**ASSIGNMENT**
Please write out exactly the lines that begin at the line containing "this 1920×1280 image." and run to the end of the records.

**RECORDS SUPPLIED**

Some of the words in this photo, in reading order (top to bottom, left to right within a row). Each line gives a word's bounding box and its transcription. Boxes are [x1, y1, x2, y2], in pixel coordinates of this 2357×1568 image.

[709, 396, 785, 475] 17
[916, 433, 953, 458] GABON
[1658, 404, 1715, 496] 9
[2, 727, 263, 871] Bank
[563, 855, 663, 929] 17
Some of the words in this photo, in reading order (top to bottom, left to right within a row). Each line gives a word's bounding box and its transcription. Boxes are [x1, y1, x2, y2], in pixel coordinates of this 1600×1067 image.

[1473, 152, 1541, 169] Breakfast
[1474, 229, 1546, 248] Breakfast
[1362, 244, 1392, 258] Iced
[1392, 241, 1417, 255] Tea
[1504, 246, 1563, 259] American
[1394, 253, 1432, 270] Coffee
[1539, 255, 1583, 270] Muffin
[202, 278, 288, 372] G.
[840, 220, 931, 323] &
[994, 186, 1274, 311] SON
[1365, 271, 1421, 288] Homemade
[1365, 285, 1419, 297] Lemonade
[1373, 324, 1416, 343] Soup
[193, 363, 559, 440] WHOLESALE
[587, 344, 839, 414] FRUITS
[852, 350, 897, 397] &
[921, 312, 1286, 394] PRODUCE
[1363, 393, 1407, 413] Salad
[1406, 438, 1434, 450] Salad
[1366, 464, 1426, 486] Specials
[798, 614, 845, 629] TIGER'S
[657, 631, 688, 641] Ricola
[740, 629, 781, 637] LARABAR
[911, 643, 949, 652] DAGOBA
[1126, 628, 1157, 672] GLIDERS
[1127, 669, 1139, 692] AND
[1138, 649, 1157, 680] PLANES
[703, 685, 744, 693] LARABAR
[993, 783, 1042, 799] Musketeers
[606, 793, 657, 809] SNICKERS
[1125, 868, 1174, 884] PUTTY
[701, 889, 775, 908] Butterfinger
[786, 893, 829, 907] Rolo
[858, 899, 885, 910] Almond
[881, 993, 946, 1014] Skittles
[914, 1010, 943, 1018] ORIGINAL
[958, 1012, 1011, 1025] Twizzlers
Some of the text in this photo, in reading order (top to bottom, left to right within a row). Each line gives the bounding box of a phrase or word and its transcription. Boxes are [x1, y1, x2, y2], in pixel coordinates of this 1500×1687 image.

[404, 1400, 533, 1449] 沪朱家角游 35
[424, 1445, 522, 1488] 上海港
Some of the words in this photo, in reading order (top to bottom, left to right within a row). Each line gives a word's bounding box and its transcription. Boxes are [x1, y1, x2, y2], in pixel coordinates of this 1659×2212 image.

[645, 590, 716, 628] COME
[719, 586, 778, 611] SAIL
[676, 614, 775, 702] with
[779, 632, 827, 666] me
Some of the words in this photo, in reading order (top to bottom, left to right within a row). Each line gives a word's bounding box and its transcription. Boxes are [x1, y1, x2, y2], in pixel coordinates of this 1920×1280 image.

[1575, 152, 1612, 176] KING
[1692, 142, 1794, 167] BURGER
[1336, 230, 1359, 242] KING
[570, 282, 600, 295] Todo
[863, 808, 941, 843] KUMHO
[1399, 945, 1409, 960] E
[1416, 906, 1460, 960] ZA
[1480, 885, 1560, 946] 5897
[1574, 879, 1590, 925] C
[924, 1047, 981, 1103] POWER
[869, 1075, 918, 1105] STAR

**THE ANSWER**
Some of the words in this photo, in reading order (top to bottom, left to right within a row). Each line gives a word's bounding box and its transcription. Boxes are [x1, y1, x2, y2], in pixel coordinates of this 1920×1280 image.

[1575, 152, 1612, 176] KING
[1692, 142, 1794, 167] BURGER
[1336, 230, 1359, 242] KING
[570, 282, 600, 295] Todo
[863, 808, 941, 843] KUMHO
[1399, 945, 1409, 960] E
[1416, 906, 1460, 960] ZA
[1480, 885, 1560, 946] 5897
[1574, 879, 1590, 925] C
[924, 1047, 981, 1103] POWER
[869, 1075, 918, 1105] STAR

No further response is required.